However, there was fear that mistakes had been made in refusing assistance to legitimate refugees. This problem has been taken note of and UNHCR feels that it will not be repeating similar mistakes. "Last year (2002) we tried our best. But sometimes we were too busy and some staff did not get enough training, says Nawal Atme, a member of the Swedish Refugee Board seconded to UNHCR. "This year we will have no excuse." Staff is being given a month long intensive training to identify and verify genuine returnees. Some of the staff is made to play the role of would - be returnees to test the skills of workers undergoing training. "We have fake families and all kinds of case - complicated cases that repatriation staff always encounter," says Atme. "Its more than detecting those not entitled to assistance - they must understand that not all refugees are cheaters and recyclers," she added, referring to people seeking assistance more than once.52
In Iran, the official figure for assisted returns from March to early October 2002 was significantly less than that of Pakistan. One reason could be that recyclers did not inflate the figure for Iran. Recycling appears to have been much less prevalent among returnees from Iran than from Pakistan. This could have been partly because of the relatively greater distances traveled by returnees from Iran and partly because the Iranian border is, in general, more heavily policed than the Pakistani border. But it could also have been because of the way the assistance package was organized for returnees from Iran an, in particular, because of the relatively small size of the cash grant they received.
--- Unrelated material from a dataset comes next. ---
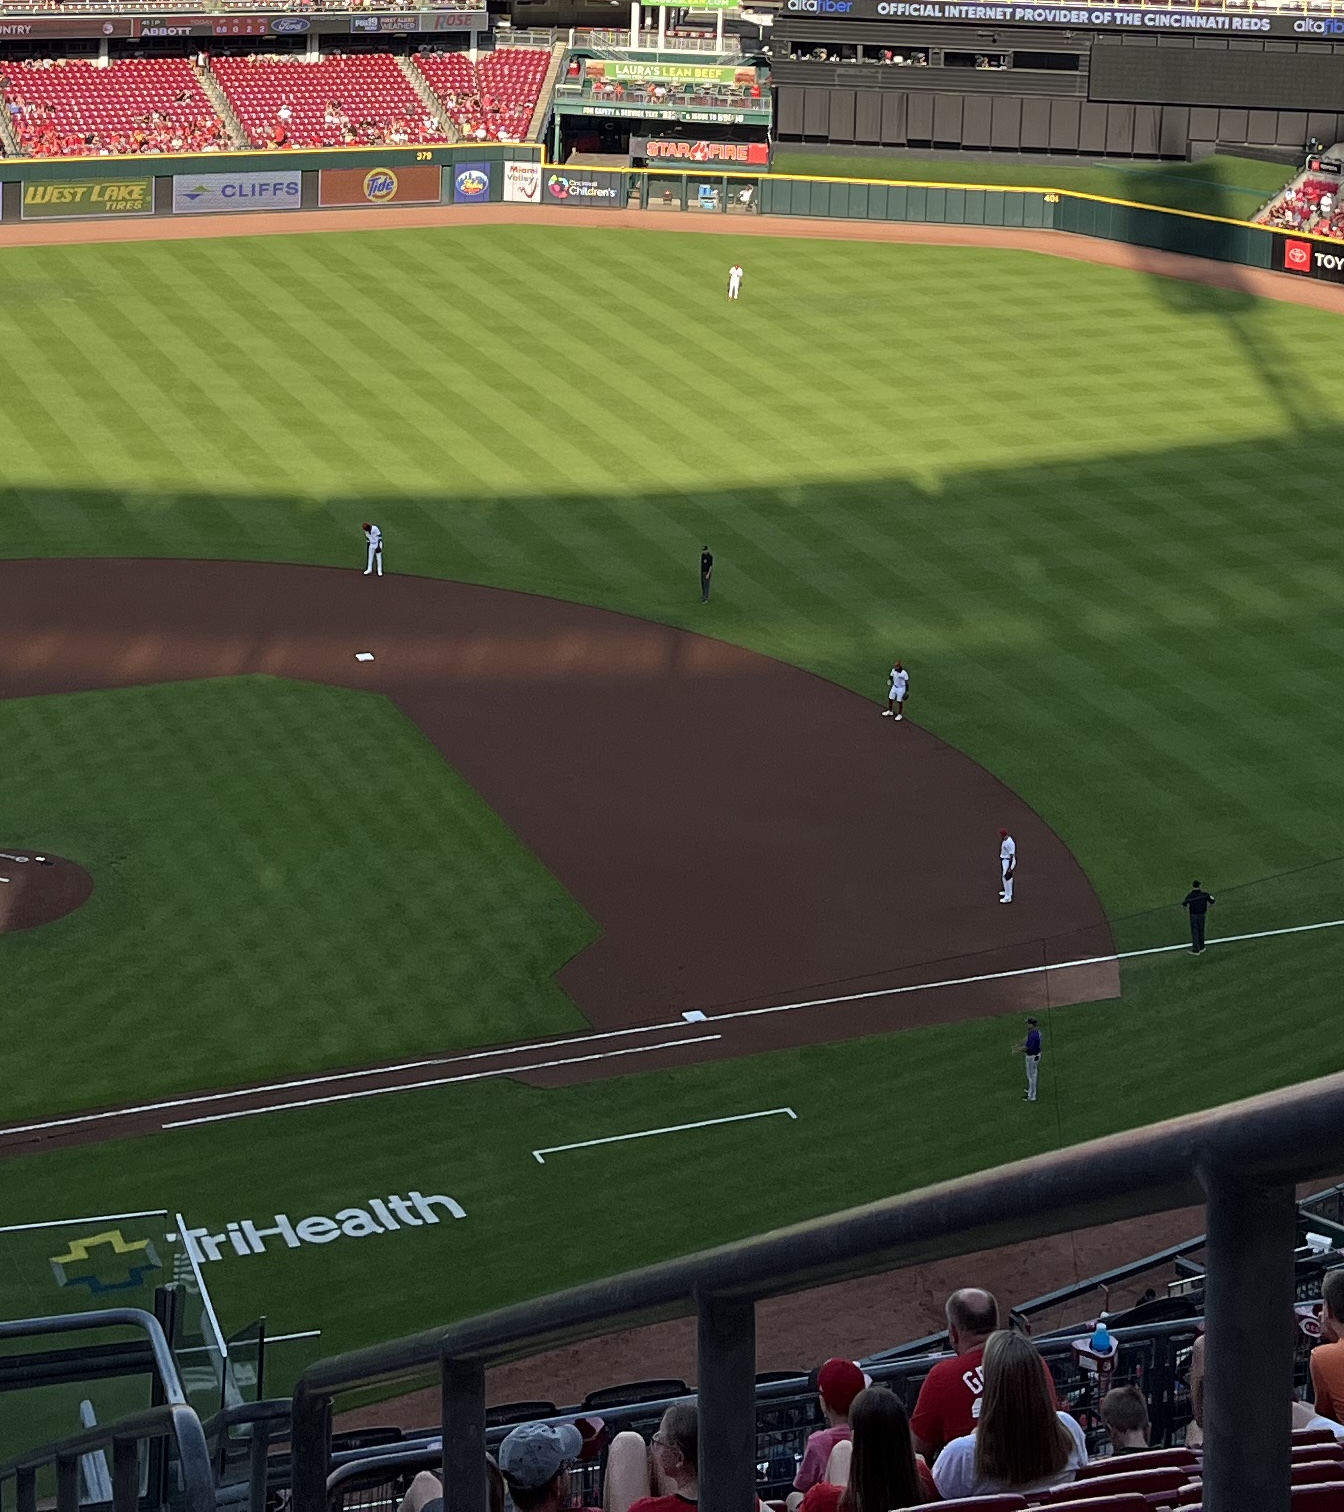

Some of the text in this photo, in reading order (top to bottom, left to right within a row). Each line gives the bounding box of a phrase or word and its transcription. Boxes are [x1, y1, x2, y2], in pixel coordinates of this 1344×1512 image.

Travel in Iran to the Afghan border was organized by UNHCR. Once arrived in Afghanistan, returnees were provided with free transport (initially by the International Organisation of Migration) to the capital city of their home province, where they received a cash grant of US $10 per person, which was intended to cover at least part of the cost of onward transportation. Families (but not single men, who constituted a much higher proportion of returnees from Iran than from Pakistan) were provided with a "family return package" of food and non-food items, including (for a family of 4 - 8 members) 150 kg. of wheat.53 Considering that most returnees from Iran had to travel long distances on both sides of the border (from Tehran to Kabul, for example) it is clear that assistance package, and particularly the cash grant , provided little incentive for the would - be recycler.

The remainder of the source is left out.